Faï Rodis s’était déjà calmée.

— Savez-vous que le cerveau de l’homme possède la faculté remarquable de corriger les déformations du monde extérieur ? Non seulement, les déformations visuelles, mais les déformations de la pensée, issues de la déviation des lois de la nature dans une société mal structurée ? Le cerveau lutte contre la distorsion et essaye de la rétablir dans le sens du beau, du bien, de l’apaisement. Je parle, bien entendu, de gens normaux, et non des psychopathes ayant un complexe d’infériorité.
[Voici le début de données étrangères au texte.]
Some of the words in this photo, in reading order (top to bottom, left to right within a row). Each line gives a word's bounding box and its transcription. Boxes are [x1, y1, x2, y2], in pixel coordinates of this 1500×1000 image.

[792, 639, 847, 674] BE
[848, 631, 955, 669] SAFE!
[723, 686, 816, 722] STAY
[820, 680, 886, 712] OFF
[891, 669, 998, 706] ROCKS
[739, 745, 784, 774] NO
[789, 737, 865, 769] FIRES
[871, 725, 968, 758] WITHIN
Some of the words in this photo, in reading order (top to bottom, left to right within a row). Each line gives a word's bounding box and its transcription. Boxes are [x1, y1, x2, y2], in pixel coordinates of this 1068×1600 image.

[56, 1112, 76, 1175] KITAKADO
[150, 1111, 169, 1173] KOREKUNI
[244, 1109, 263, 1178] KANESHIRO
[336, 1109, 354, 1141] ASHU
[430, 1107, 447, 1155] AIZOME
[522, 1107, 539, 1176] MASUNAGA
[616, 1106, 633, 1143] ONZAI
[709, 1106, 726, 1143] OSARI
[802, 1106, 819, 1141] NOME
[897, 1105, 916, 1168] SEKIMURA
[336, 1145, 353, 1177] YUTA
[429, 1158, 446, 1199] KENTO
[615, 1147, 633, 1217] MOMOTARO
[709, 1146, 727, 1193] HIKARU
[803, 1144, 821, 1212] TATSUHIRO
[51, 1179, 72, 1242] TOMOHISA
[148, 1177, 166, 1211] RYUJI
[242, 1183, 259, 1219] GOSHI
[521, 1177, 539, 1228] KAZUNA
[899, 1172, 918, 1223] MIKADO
Ne savez-vous donc pas que les visages des gens sont toujours beaux de loin, que la vie étrangère, vue superficiellement parait intéressante et significative ? Que la science inconnue semble très importante ? Par conséquent, chaque homme possède en lui des rêves de beauté, qui ont mis des milliers de générations à se former et notre subconscient nous attire plus fortement vers le bien que nous ne le pensons. Comment peut-on parler des gens comme s’ils étaient les déchets de l’histoire ?

— Votre franchise commence à me plaire, dit Tchoïo Tchagass, avec un sourire forcé, mais, continuez.
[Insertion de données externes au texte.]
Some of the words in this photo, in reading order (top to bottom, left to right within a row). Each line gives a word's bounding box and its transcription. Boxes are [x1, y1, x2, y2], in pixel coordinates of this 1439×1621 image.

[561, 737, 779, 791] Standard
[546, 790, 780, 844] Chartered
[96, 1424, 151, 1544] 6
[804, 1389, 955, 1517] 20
— Je sais que maintenant vous ne doutez plus de la pureté de nos intentions. Que de fois, vos gens ont tenté de surprendre, ne serait-ce qu’un brin d’hostilité chez l’un d’entre nous, même après la tentative d’attaquer l’astronef ! Et sur votre ordre, car rien ne se fait ici sans un ordre du Conseil des Quatre ?
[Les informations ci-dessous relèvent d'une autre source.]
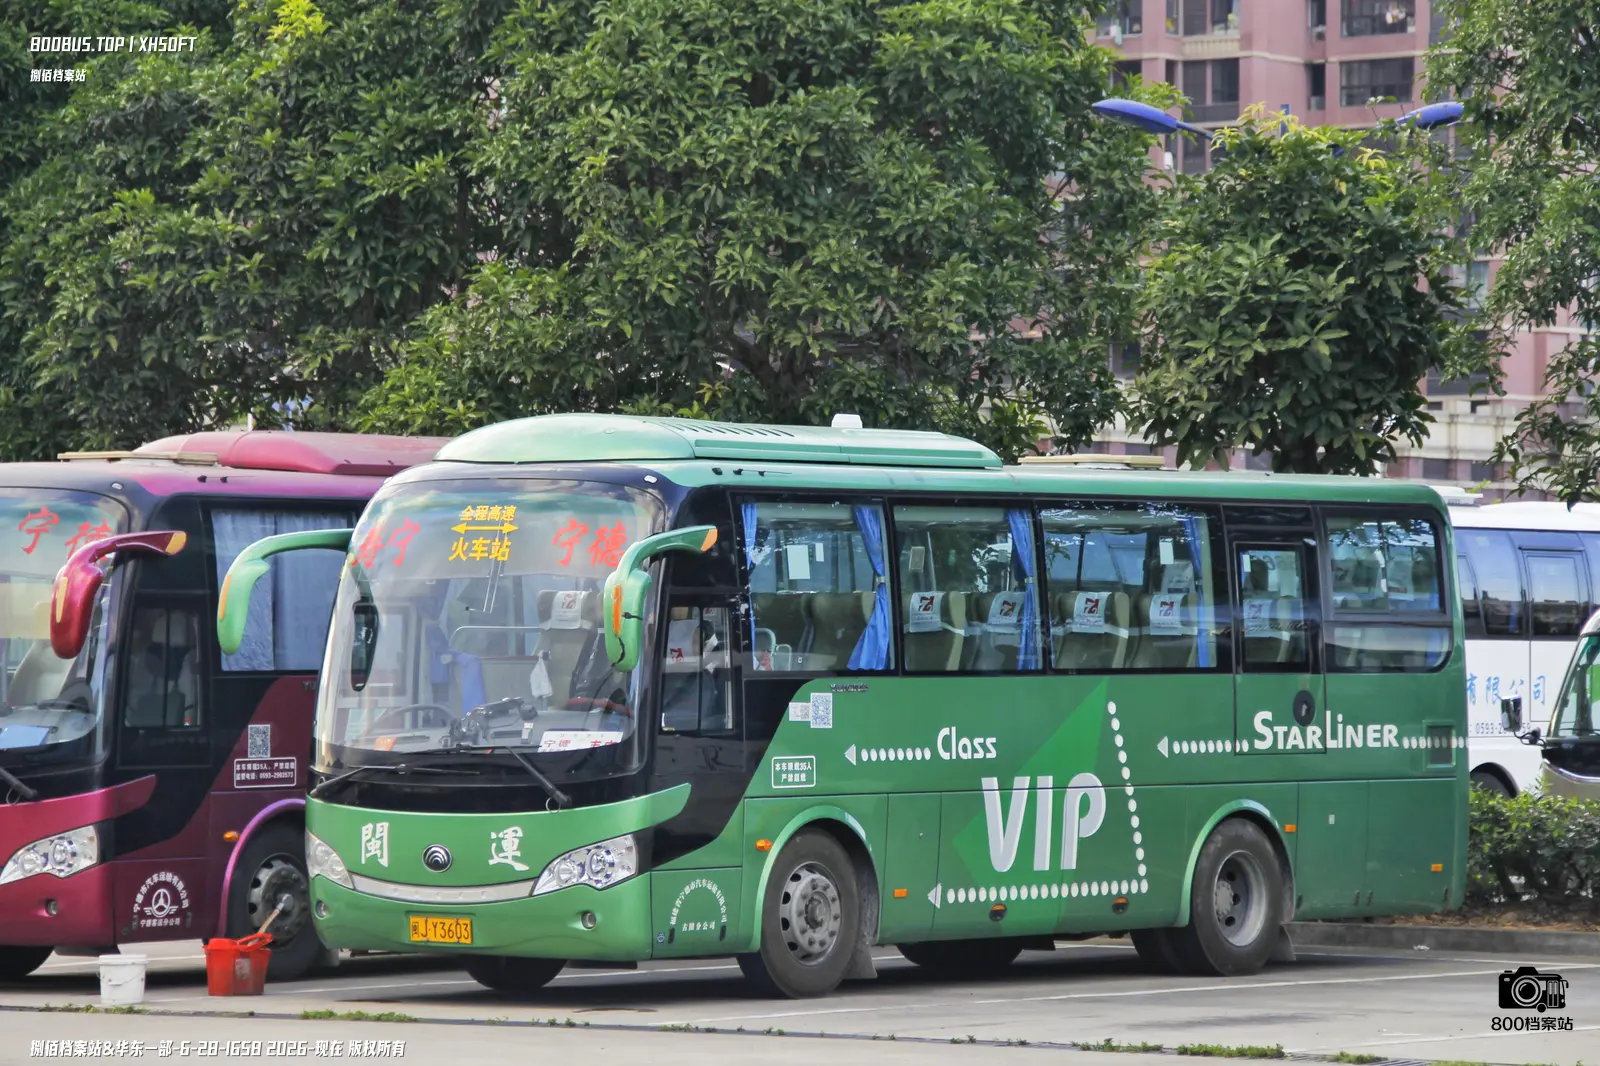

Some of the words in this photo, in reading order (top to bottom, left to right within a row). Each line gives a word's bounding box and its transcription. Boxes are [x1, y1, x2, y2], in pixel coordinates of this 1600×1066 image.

[459, 505, 517, 521] 全程高速
[448, 537, 512, 561] 火车站
[552, 518, 628, 568] 宁德
[937, 726, 997, 760] Class
[981, 772, 1107, 872] VIP
— Exact, confirma le souverain, cédant à nouveau à l’étrange magnétisme de la femme de la Terre.

— S’il en est ainsi, il s’agit d’une menace illusoire, puisqu’elle viendrait soi-disant de nous. J’ai compris que vous vouliez interdire de montrer au peuple de Ian-Iah la vie sur la Terre. Mais vous agissez obligatoirement selon les convictions dictées par votre vision du monde, par votre système. Nous autres, Terriens, n’avons vu dans votre propagande primitive aucun souci profond de perfectionner votre société ou votre peuple. La conservation de la structure existante n’est nécessaire qu’à une poignée de dirigeants. Dans l’Histoire de la Terre, cela a entraîné la perte de centaines de gouvernements et la mort de millions de personnes. Vous avez vous-mêmes récemment subi une surpopulation catastrophique…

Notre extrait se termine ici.